Markets naturally pull unfamiliar products toward:

  • the nearest recognizable analogy
  • the simplest explanation
  • or the most operationally familiar interpretation

That is why genuinely new systems often get misunderstood initially.

Not because the technology lacks value.

But because buyers are attempting to reduce interpretive uncertainty.

Technical Differentiation Does Not Automatically Translate Into Buyer Understanding

This creates a major problem for technically sophisticated companies.

Especially in AI markets.

Internally, the company may understand the architecture clearly:

  • how the system works
  • why the design matters
  • where existing approaches break down
  • and why the product behaves fundamentally differently underneath

But the buyer rarely experiences architecture directly.

The buyer experiences:

  • interfaces
  • workflows
  • outcomes
  • category language
  • and comparative framing

Which means products that are architecturally distinct may still appear:

superficially interchangeable.

This creates one of the central tensions in emerging markets:

the product is genuinely different, but the market lacks the interpretive framework to fully recognize the difference yet.

The Market Usually Defaults to the Simplest Story

When categories are unstable, buyers often prioritize:

  • interpretability
    over:
  • precision

This means the market tends to reward explanations that are:

  • simple
  • familiar
  • operationally legible
  • and easy to communicate internally

Even when those explanations are partially inaccurate.

This is why many companies unintentionally position themselves backward into older categories.

Because the simpler comparison:

  • reduces buyer friction
  • accelerates comprehension
  • and lowers organizational uncertainty

But it also creates long-term risk.

Once the market firmly anchors the product inside an older category, escaping that interpretation becomes extremely difficult.
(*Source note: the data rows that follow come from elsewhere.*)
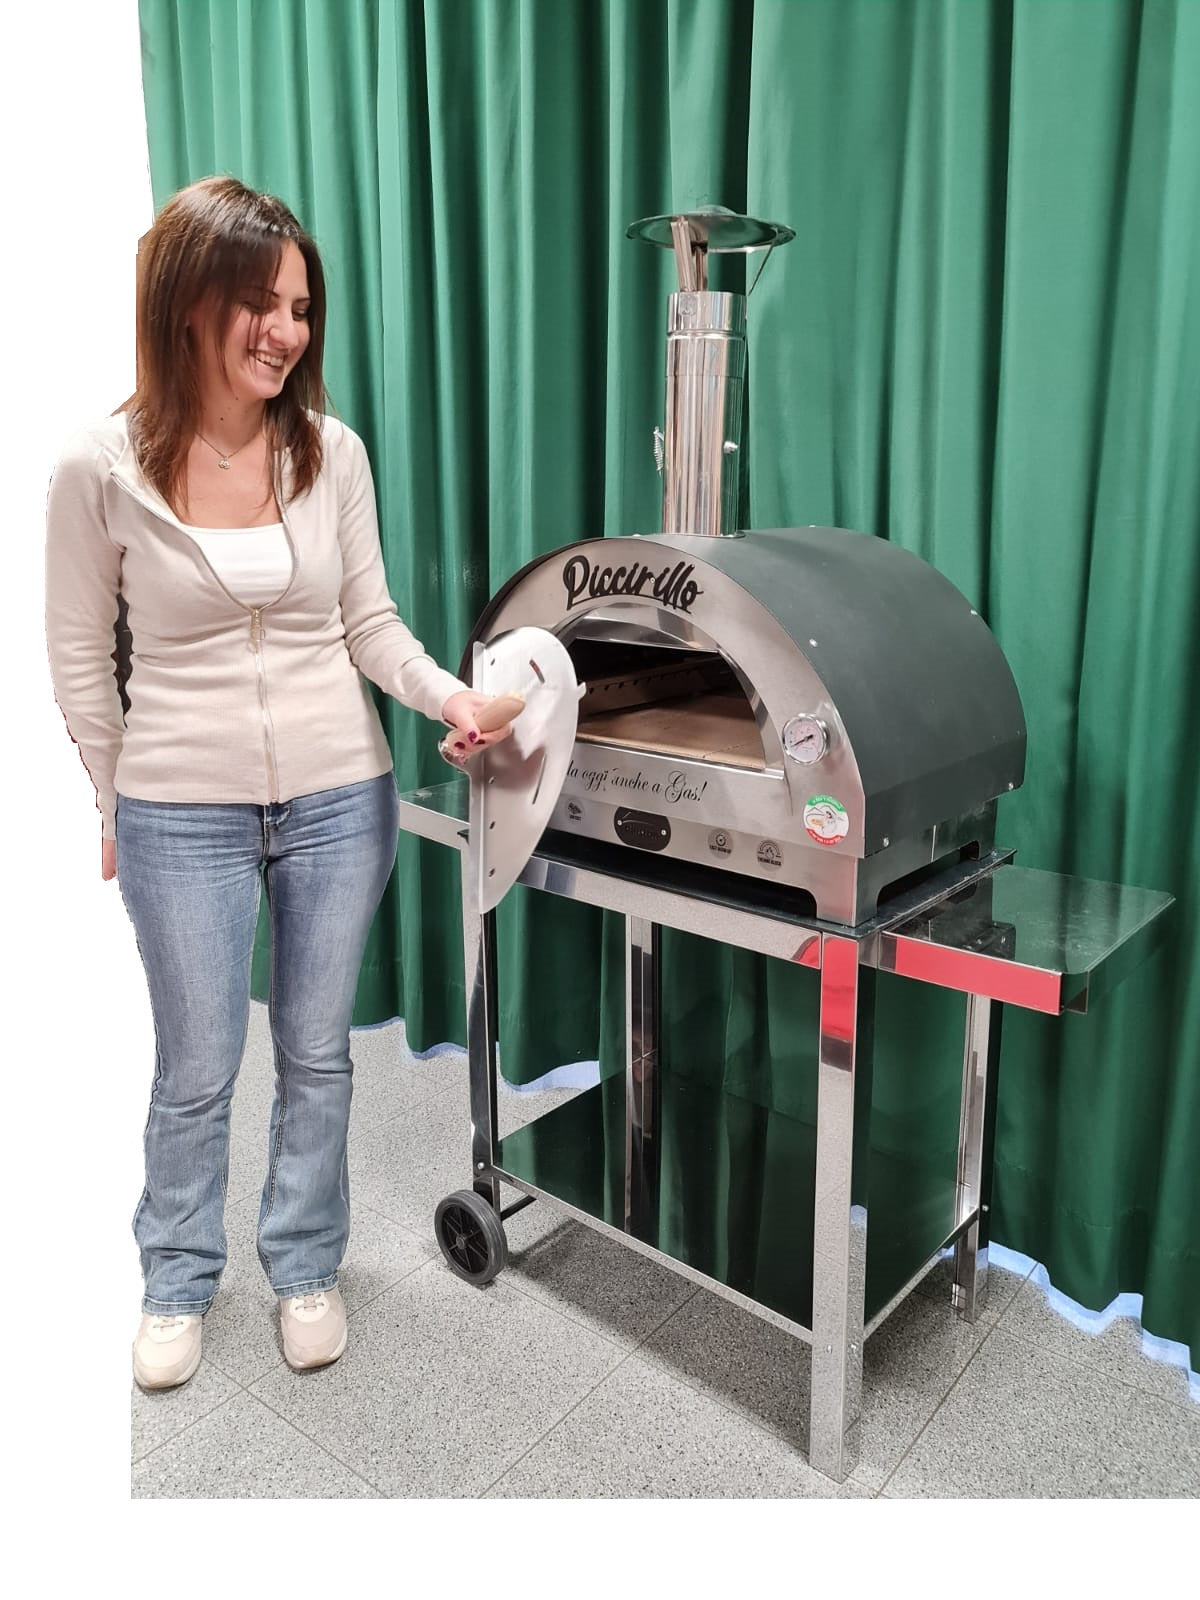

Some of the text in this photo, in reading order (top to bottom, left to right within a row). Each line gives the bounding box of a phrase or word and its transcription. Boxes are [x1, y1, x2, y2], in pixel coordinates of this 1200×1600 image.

[563, 555, 704, 613] Piccirillo
[582, 770, 609, 792] oggi
[611, 771, 649, 790] anche
[651, 783, 661, 792] a
[665, 770, 708, 803] Gas!
This Is Why Buyer Comprehension Matters So Much

Many positioning problems are not actually differentiation problems.

They are:

comprehension problems.

The differentiation may already exist.

The market simply does not yet possess the conceptual language to interpret it correctly.
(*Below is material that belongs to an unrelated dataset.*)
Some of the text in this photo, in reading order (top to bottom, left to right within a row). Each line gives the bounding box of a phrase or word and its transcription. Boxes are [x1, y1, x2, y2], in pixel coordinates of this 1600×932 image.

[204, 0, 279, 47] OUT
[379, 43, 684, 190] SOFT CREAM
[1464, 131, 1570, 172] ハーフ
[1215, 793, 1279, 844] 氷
This distinction matters enormously.

Because companies often respond to poor market understanding by:

  • adding more features
  • increasing technical complexity
  • expanding messaging
  • or broadening use cases

when the real issue is:

interpretive clarity.

The buyer cannot yet comfortably answer:

  • What is this?
  • Why does it matter?
  • How is it different?
  • Why is the architecture important?
  • What category does this belong to?
  • Why won’t existing systems solve this already?
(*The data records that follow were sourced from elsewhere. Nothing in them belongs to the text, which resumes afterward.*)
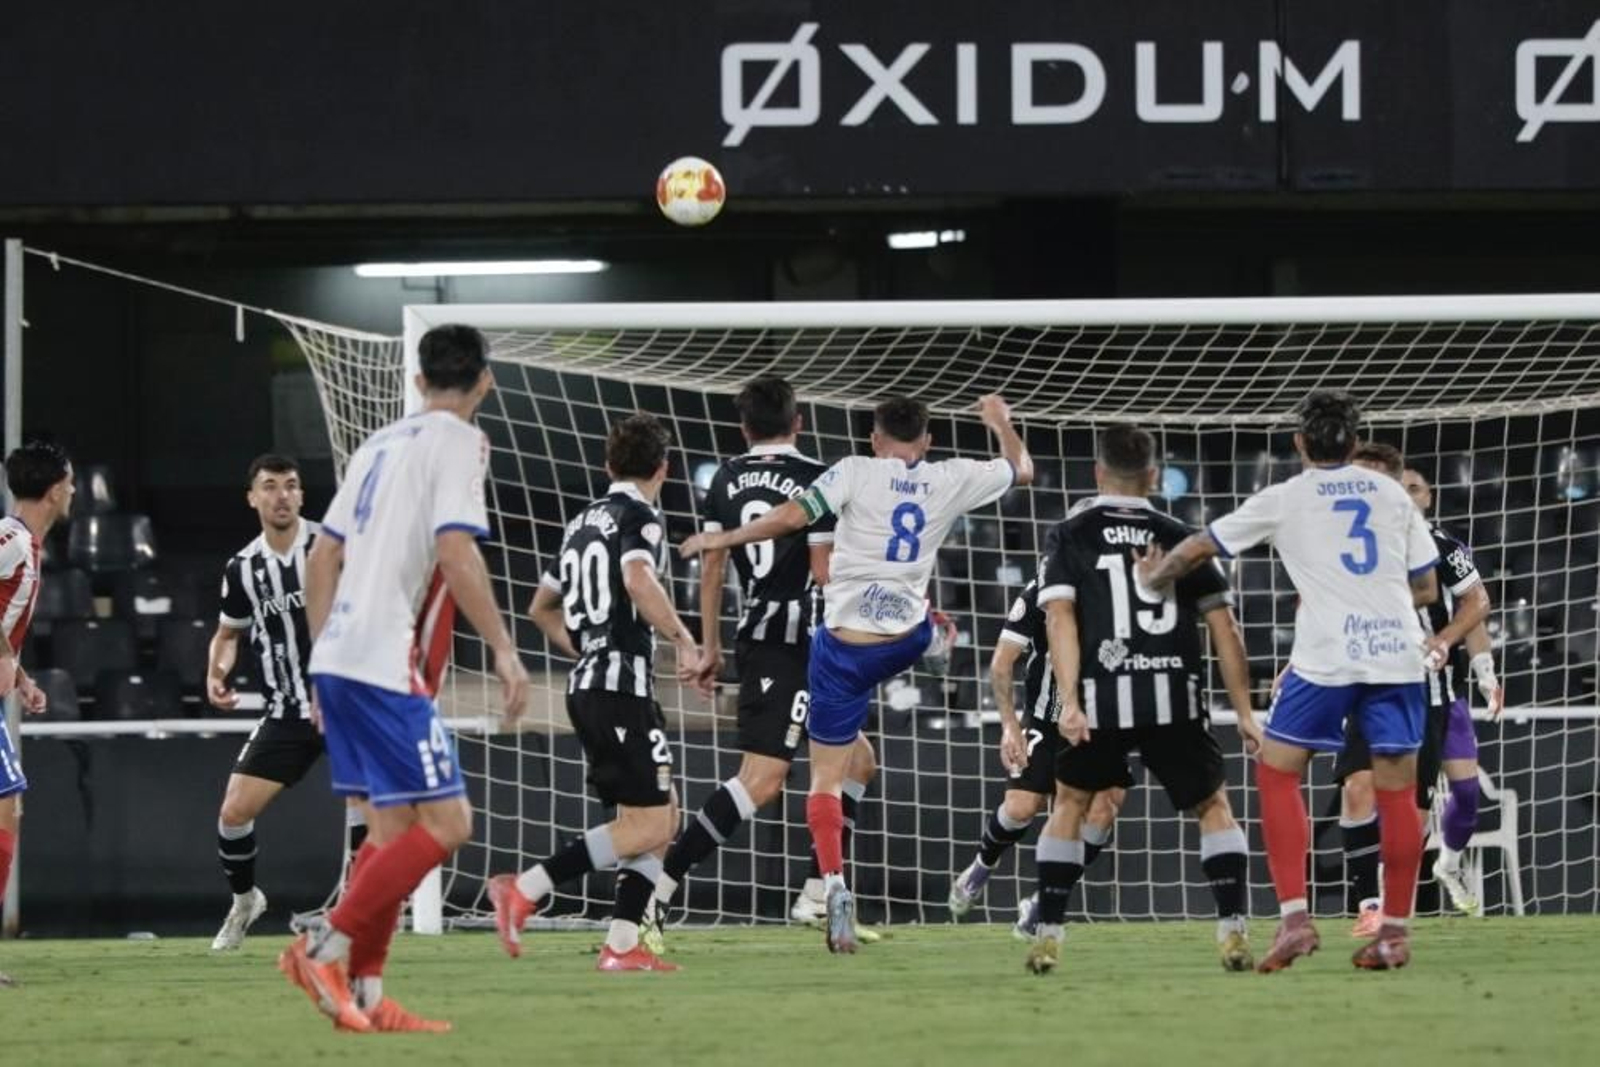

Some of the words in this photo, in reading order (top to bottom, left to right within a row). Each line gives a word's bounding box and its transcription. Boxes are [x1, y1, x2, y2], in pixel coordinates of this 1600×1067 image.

[1316, 481, 1378, 496] JOSECA
[886, 501, 925, 563] 8
[1332, 498, 1379, 576] 3
[560, 541, 611, 630] 20
[1124, 654, 1183, 671] ribera
[791, 690, 808, 723] 6
[430, 717, 450, 756] 4
[648, 728, 673, 764] 2
Until those questions stabilize cognitively, positioning friction remains high.

Emerging Markets Are Ultimately Interpretation Battles

One of the defining characteristics of emerging categories is that the technology usually matures faster than buyer understanding.

This creates a period where:

  • products exist
  • capabilities are real
  • operational value is emerging
  • but category comprehension remains unstable

That instability creates enormous strategic opportunity.

Because the companies that shape the interpretive framework of the category often gain disproportionate long-term advantage.

Not simply by building technology.

But by helping the market understand:

  • what changed
  • why existing models break down
  • and how the new system should actually be interpreted

That is fundamentally a comprehension problem.

Positioning Is Partly About Building New Mental Models

The strongest positioning does not merely describe products.

It helps buyers construct new frameworks for understanding the market itself.

That is especially important when:

  • architectures evolve
  • workflows shift
  • categories blur
  • and older language stops mapping cleanly onto newer systems

At that point, positioning becomes less about persuasion and more about:

interpretive guidance.

Helping the market:

  • update its assumptions
  • recognize new patterns
  • and understand why older categories no longer fully explain what is happening

Because in emerging markets:

the companies that win are often the ones that help define how the market thinks about the category in the first place.